> [Exercise goal]
Retype exactly the lines from the line with "this 2040×1530 image." to the end of the data, keeping both boundary lines.

___ Records to use

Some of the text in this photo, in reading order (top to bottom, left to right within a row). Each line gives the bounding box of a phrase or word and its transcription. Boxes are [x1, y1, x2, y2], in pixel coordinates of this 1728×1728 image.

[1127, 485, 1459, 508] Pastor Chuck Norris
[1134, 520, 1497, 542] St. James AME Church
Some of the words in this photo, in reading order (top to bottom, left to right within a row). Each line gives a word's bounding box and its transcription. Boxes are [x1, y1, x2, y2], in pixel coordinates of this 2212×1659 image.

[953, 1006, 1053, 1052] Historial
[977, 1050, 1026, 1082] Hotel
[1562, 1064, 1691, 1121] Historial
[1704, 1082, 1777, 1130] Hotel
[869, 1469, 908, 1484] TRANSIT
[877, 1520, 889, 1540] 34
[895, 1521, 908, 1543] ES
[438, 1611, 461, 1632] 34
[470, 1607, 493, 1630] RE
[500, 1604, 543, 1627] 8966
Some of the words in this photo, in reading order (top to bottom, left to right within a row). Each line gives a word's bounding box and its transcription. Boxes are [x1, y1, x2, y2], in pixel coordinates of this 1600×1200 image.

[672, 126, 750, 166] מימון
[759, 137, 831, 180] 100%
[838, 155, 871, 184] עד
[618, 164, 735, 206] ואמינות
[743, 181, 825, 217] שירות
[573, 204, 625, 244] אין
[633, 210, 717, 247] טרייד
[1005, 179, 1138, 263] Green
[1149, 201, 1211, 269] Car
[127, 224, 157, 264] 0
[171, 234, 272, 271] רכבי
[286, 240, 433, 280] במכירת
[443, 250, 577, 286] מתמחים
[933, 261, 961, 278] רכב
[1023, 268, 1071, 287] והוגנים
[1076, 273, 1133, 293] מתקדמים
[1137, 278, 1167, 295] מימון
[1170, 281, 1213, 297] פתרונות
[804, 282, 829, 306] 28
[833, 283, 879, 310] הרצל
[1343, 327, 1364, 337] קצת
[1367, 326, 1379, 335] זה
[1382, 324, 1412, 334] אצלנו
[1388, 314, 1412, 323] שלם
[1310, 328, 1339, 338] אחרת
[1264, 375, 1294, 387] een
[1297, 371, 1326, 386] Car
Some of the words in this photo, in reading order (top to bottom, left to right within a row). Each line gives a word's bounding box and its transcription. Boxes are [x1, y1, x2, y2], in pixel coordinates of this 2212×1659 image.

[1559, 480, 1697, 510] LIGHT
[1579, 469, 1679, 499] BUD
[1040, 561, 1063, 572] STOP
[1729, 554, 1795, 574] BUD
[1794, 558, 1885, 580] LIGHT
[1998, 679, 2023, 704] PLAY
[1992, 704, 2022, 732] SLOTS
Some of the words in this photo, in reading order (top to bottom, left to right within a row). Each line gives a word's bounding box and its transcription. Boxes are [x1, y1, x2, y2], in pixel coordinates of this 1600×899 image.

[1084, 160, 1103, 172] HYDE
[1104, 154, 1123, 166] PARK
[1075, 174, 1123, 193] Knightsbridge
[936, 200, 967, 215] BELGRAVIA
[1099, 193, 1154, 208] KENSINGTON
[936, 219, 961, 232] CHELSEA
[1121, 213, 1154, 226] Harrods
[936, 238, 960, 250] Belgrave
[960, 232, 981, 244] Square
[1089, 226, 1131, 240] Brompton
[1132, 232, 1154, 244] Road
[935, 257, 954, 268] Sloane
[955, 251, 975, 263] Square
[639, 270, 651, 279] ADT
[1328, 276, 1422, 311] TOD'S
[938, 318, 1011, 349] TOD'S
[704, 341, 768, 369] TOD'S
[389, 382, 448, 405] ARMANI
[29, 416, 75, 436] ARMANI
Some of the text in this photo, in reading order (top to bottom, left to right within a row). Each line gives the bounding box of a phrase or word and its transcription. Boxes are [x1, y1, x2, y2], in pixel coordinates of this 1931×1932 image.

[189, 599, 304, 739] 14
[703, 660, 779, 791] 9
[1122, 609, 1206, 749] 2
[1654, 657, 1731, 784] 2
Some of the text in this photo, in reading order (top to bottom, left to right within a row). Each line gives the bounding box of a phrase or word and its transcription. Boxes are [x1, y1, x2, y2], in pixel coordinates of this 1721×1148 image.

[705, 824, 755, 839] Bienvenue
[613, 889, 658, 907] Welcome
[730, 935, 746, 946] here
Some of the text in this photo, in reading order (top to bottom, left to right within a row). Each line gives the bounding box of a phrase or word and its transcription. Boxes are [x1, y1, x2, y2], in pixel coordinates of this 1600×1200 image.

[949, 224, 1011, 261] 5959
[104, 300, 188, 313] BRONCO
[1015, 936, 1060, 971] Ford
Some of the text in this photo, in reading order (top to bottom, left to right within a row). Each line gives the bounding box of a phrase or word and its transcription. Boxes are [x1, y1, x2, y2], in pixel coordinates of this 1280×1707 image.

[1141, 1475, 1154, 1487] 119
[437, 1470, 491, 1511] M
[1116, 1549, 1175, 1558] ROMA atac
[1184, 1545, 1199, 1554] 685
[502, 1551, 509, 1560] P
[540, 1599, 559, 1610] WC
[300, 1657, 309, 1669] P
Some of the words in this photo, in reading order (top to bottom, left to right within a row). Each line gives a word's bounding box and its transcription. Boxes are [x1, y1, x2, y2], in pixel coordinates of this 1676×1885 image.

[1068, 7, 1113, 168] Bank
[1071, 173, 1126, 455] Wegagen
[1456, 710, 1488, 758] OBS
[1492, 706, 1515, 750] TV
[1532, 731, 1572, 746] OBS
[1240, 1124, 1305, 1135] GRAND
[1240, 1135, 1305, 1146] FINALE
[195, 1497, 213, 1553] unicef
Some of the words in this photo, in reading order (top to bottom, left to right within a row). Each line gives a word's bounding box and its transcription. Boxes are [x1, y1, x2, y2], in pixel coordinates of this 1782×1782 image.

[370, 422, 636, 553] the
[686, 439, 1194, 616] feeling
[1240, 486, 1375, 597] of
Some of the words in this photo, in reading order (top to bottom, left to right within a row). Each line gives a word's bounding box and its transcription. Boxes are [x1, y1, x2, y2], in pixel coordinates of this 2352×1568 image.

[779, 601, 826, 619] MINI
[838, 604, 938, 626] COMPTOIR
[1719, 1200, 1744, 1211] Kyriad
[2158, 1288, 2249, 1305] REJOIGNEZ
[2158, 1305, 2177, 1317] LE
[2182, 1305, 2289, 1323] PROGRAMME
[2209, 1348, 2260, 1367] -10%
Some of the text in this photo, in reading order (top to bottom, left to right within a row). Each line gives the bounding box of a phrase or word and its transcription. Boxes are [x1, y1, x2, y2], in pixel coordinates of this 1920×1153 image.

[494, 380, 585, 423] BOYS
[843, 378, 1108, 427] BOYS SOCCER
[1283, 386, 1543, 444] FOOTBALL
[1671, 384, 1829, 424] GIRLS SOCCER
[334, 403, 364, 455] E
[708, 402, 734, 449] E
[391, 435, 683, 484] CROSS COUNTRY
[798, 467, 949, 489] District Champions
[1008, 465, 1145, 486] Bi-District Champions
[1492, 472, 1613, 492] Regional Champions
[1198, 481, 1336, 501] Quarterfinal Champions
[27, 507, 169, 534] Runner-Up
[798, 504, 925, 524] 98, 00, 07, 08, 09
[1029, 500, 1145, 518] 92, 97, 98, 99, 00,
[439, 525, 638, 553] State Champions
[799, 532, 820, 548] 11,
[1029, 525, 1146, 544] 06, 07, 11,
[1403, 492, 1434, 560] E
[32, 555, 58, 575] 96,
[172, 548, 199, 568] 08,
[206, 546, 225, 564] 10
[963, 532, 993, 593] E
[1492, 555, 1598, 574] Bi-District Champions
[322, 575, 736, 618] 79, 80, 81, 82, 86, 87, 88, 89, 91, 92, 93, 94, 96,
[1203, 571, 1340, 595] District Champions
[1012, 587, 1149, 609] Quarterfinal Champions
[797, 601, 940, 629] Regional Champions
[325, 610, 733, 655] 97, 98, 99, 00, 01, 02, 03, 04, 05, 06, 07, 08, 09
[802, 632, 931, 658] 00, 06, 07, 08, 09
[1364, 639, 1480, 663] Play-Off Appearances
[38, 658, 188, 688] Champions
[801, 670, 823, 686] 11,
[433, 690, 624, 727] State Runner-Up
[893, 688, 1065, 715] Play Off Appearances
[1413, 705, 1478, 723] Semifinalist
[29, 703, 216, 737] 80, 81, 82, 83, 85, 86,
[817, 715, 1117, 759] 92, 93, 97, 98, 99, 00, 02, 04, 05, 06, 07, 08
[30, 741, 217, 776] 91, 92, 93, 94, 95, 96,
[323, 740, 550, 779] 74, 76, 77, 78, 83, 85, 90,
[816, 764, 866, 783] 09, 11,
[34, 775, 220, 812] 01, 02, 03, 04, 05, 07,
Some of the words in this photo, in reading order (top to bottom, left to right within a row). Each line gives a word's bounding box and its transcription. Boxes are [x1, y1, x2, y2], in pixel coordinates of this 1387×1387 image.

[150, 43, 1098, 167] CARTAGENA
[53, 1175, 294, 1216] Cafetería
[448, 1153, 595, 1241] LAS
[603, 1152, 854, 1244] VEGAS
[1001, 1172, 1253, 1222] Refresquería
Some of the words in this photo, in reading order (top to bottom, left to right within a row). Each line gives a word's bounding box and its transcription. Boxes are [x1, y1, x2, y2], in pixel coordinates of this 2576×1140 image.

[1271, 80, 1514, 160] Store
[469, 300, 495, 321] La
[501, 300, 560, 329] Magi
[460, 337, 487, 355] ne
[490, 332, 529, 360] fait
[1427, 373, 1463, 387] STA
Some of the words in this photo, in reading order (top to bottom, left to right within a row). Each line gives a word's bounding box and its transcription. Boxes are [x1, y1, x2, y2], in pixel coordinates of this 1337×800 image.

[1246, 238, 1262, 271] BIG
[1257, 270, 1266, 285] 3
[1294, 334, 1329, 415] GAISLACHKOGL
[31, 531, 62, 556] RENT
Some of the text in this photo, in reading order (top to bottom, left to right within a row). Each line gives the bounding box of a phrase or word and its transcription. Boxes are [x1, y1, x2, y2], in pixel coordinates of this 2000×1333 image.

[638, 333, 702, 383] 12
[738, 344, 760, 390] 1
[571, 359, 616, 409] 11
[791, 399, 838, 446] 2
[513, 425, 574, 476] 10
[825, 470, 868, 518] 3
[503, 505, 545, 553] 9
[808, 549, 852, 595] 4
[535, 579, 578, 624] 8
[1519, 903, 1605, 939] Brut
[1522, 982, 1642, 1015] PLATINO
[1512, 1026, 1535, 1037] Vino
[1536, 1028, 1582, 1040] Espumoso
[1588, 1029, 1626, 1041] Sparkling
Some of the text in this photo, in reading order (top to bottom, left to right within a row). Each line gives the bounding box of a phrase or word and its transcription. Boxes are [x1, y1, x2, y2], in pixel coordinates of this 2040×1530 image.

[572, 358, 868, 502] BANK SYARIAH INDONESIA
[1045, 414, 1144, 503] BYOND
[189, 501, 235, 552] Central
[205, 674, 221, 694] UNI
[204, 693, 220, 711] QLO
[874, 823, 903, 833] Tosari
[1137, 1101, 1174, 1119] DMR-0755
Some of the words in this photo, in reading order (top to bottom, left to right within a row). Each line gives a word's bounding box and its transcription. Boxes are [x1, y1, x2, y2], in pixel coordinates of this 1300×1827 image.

______

> [Answer to this exercise]
Some of the text in this photo, in reading order (top to bottom, left to right within a row). Each line gives the bounding box of a phrase or word and its transcription. Boxes are [x1, y1, x2, y2], in pixel coordinates of this 2040×1530 image.

[572, 358, 868, 502] BANK SYARIAH INDONESIA
[1045, 414, 1144, 503] BYOND
[189, 501, 235, 552] Central
[205, 674, 221, 694] UNI
[204, 693, 220, 711] QLO
[874, 823, 903, 833] Tosari
[1137, 1101, 1174, 1119] DMR-0755
Some of the words in this photo, in reading order (top to bottom, left to right within a row). Each line gives a word's bounding box and its transcription. Boxes are [x1, y1, x2, y2], in pixel coordinates of this 1300×1827 image.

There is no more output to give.